À genoux, je promène mon regard sur sa silhouette accablée, puis place mes doigts gourds sur ses joues.

— Allan, l'appelé-je à mi-voix. Regarde-moi, s'il te plaît.

Il ne s'exécute pas tout de suite. Ses paupières se pressent fort avant qu'il se décide à croiser mes prunelles. Le bleu des siennes est limpide, quoiqu'un soupçon voilé par sa peine et sa détresse.

— Tu ne peux pas abandonner. Tu ne peux pas rester dans cet état et t'infliger tant de... mal. Tu ne peux pas te perdre de nouveau et encore moins de cette façon...

Ma voix chevrote par endroits tant il m'en coûte de le voir ainsi tous les jours et de sentir sa torpeur l'étrangler. Sa mâchoire se contracte sous mes paumes et son regard dévie du mien. La colère refait surface, n'étant jamais bien loin, et marque les traits purs d'Allan.

— J'ai tué...

— Par la faute de Jarlath qui t'a manipulé, utilisé comme une arme, le coupé-je en resserrant ma prise.

— Quelle importance ? Tu n'as pas entendu Amada tout à l'heure ? J'ai pris du plaisir dans mes meurtres !

— J'aurais préféré que tu ne le découvres pas de cette façon, confié-je trois tons plus bas que lui. J'aurais préféré...

— Que quoi ? Que j'apprécie seulement de tuer ceux qui le méritent ? Que je me satisfasse juste des crimes que toi et les autres ici jugeriez « justes et honorables » ? Que dans ces conditions du coup, le sadisme et la brutalité sont acceptables ? Mais je ne veux pas être un sadique ! Ni un barbare ! Je ne veux pas tuer, je ne peux pas... je ne veux plus le faire !

Son corps se tend sous la panique. Ses iris s'affolent tandis que sa tête se secoue de droite à gauche, comme pour apporter plus de poids à sa négation.

— Comment on peut aimer tuer ? Comment on peut vivre avec soi-même après ? Comment je vais réussir à vivre avec ça sur la conscience ? Tout ce sang, tous ces cris...

— Allan... Ce n'est pas...

— J'ai tué Sander, Eleuia ! s'écrie-t-il soudain, de l'agonie dans sa voix rauque. J'ai tué mon meilleur ami, mon mentor... mon frère.

Ma gorge se noue et les larmes affluent dans mes yeux. C'est la première fois qu'il en parle, qu'il ose le formuler... Mon Dieu, c'est tellement plus horrible que ce que je m'étais imaginée ! Sa douleur brute se fraie un chemin dans sa carapace, et par la même occasion, dans notre lien, comme dans la forêt.

— J'ai arraché le cœur de l'une des rares personnes que j'aimais et qui m'aimait en retour, reprend mon lié après une pause pesante.

Son regard brillant se replante dans le mien.

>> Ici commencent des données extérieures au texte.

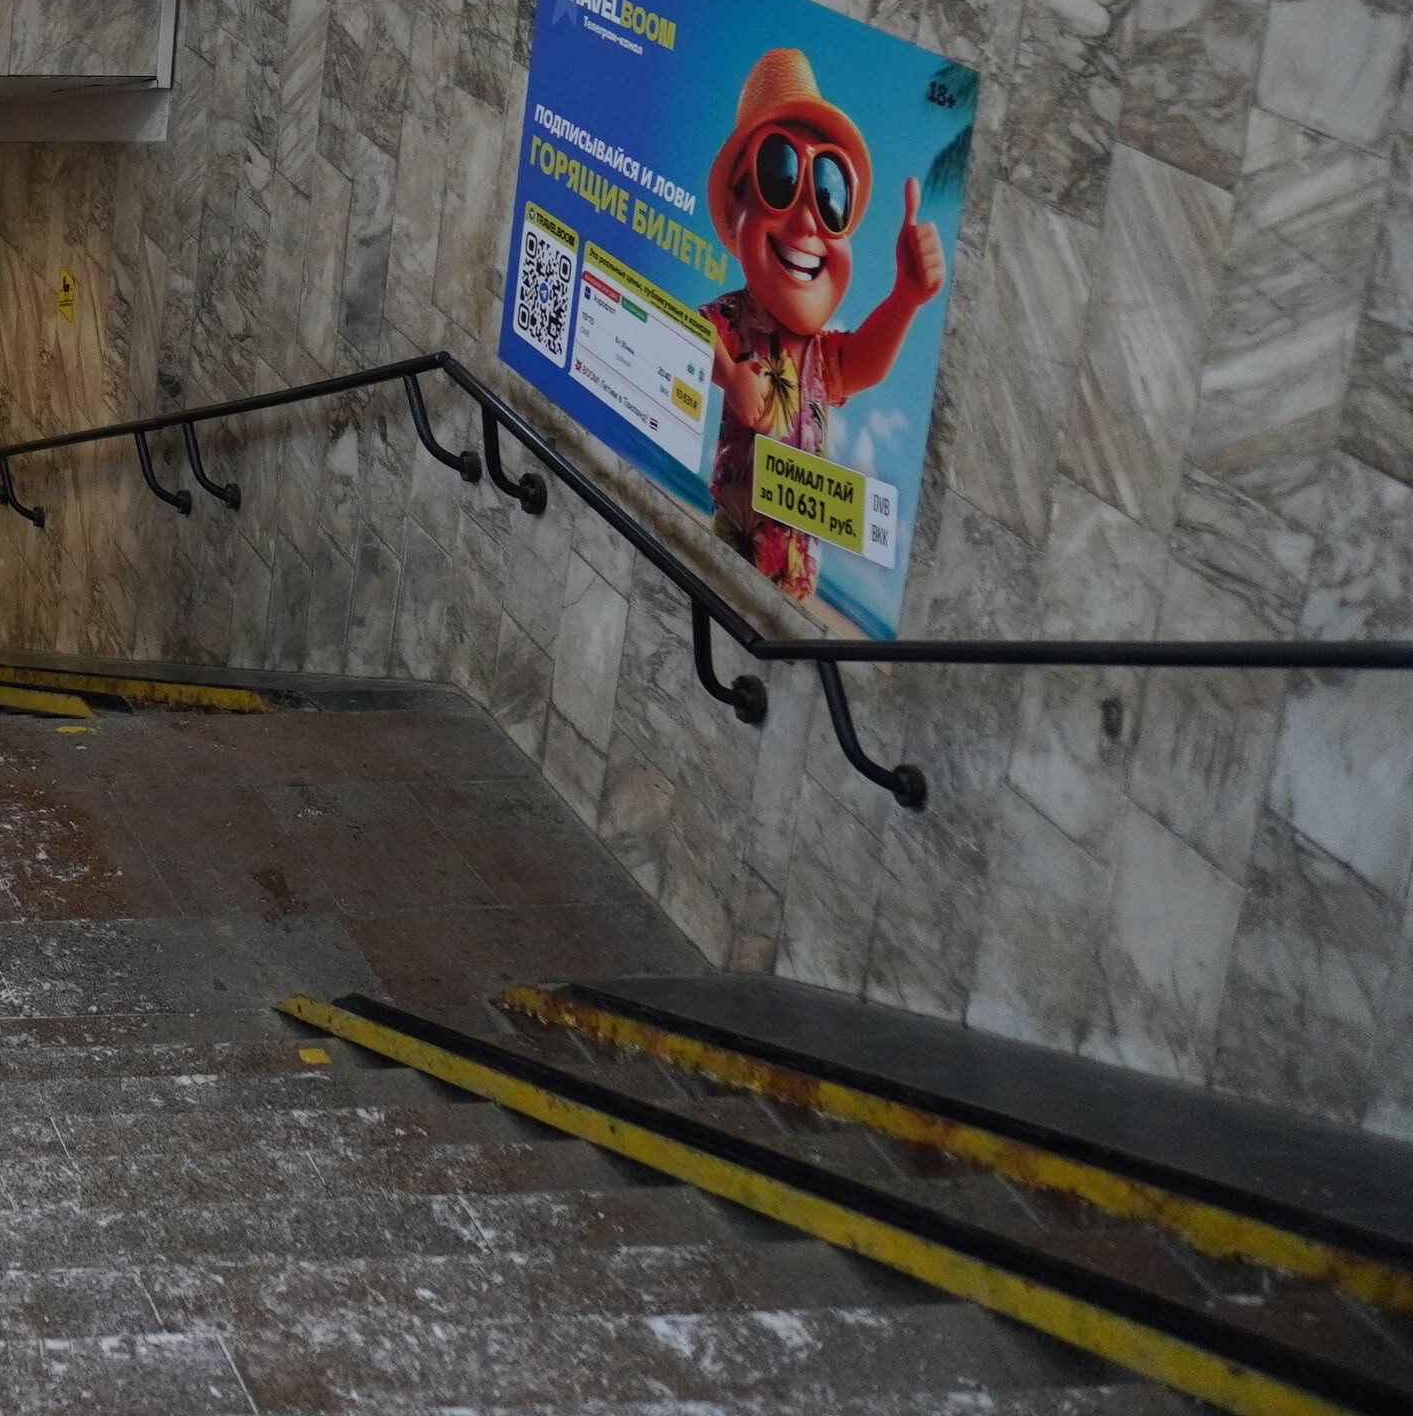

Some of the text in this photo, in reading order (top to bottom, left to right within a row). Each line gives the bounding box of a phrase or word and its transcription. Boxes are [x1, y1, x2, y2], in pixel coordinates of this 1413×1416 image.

— Je ne mérite aucune excuse ni aucune forme de rédemption. C'est la pire atrocité que j'aie jamais commise, mais les autres qui l'ont suivie et précédée ne se rachètent pas non plus...

J'ai l'impression de me calciner, puis de me noyer de l'intérieur tant ses mots et son désespoir m'affectent. Des larmes coulent sur mon visage alors que je sens quelque chose se produire chez Allan, quelque chose de si intense et cuisant que l'air se suspend dans mes poumons. Une partie de mon lié vient de mourir et se décrocher de son âme et, comme en écho, un même fragment se désunit de mon être.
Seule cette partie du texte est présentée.